Edward Donner's website highlights his interests and professional background in the field of artificial intelligence, particularly with large language models (LLMs). He is the co-founder and CTO of Nebula.io, a company focused on leveraging AI to aid in talent discovery and engagement. 

## Key Sections:
- **About**: Ed describes himself as a coder and LLM enthusiast who also enjoys DJing and electronic music production.

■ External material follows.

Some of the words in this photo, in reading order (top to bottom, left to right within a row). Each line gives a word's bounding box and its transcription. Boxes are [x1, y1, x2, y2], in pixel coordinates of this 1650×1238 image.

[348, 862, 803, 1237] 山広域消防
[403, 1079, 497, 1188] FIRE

He has experience as the founder of the AI startup untapt, which was acquired in 2021.
- **News/Announcements**:
  - **October 16, 2024**: Articles about transitioning from Software Engineer to AI Data Scientist with recommended resources.
  - **August 6, 2024**: Introduction to the "Outsmart LLM Arena," a platform for LLM competitions focusing on diplomacy and strategy.
  - **June 26, 2024**: Guidance on selecting the appropriate LLM, including toolkits and resources.
  - **February 7, 2024**: Techniques for fine-tuning LLMs using personal texts to simulate individual style.

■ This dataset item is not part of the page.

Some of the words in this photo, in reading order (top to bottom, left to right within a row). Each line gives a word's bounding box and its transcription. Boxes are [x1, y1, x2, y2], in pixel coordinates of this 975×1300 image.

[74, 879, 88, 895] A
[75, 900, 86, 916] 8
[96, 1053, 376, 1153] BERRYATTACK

The site encourages readers to connect with Ed for further engagement and information.

In [13]:
display_summary("https://cnn.com")

# Summary of CNN Website

CNN is a major news outlet providing a wide range of global news coverage, including topics such as:

- **US and World News**
- **Politics**
- **Business**
- **Health**
- **Entertainment**
- **Science and Climate**
- **Sports**

### Recent News Highlights:
- **Israel-Hamas Conflict**: Ongoing updates about airstrikes and military strategies related to the conflict, including leaked documents regarding U.S. intelligence.
- **US Politics**: Coverage of the 2024 election campaign, including strategies from candidates like Kamala Harris and Donald Trump during election ads and public appearances.
- **Global Events**: News about Indonesia's new president, challenges from Hezbollah to Israeli defenses, and various cultural stories from around the world, such as the rise of toxicity in masculinity in Kenya.

### Additional Features:
- CNN provides exclusive reports, analysis pieces, and live video content, covering in-depth investigations and detailed explorations of significant events and societal trends.

This summary encapsulates the site's intent to deliver timely and relevant reporting on international issues while engaging viewers with various multimedia content.

In [14]:
display_summary("https://anthropic.com")

# Summary of Anthropic Website

Anthropic is an AI safety and research company based in San Francisco, dedicated to developing reliable and beneficial AI systems with a focus on safety. Their interdisciplinary team combines expertise in machine learning, physics, policy, and product development.

## Key Offerings
- **Claude 3.5 Sonnet**: The latest and most intelligent AI model, available for users to interact with and integrate into their applications.
- **API Access**: Users can build applications and drive efficiency using the Claude API.

## News and Announcements
- **Claude 3.5 Sonnet Release**: Announced on June 21, 2024, highlighting the launch of their newest AI model.
- **Research Publications**: Includes notable works like "Constitutional AI: Harmlessness from AI Feedback" (Dec 15, 2022) and "Core Views on AI Safety: When, Why, What, and How" (Mar 8, 2023).

Overall, Anthropic aims to put safety at the forefront of AI development through innovative research and technology.

### Business Applications

This exercise was about calling the API of a Frontier Model (a leading model at the frontier of AI). 


We've applied this to Summarization - a classic Gen AI use case to make a summary. This can be used for summarizing the news, summarizing financial performance or summarizing a resume in a cover letter.

Using our Summarization functionality on Websites that are using Javascript to build their HTML structure (like https://openai.com) won't return satisfactory results. A workaround might be using the Selenium framework which runs a browser behind the scenes and renders the page for you.

In [15]:
display_summary("https://openai.com")

# Website Summary

The website currently prompts users to enable JavaScript and cookies in their web browsers in order to access the content. There is no additional information or content available without these settings enabled, therefore no specific news or announcements can be summarized at this time.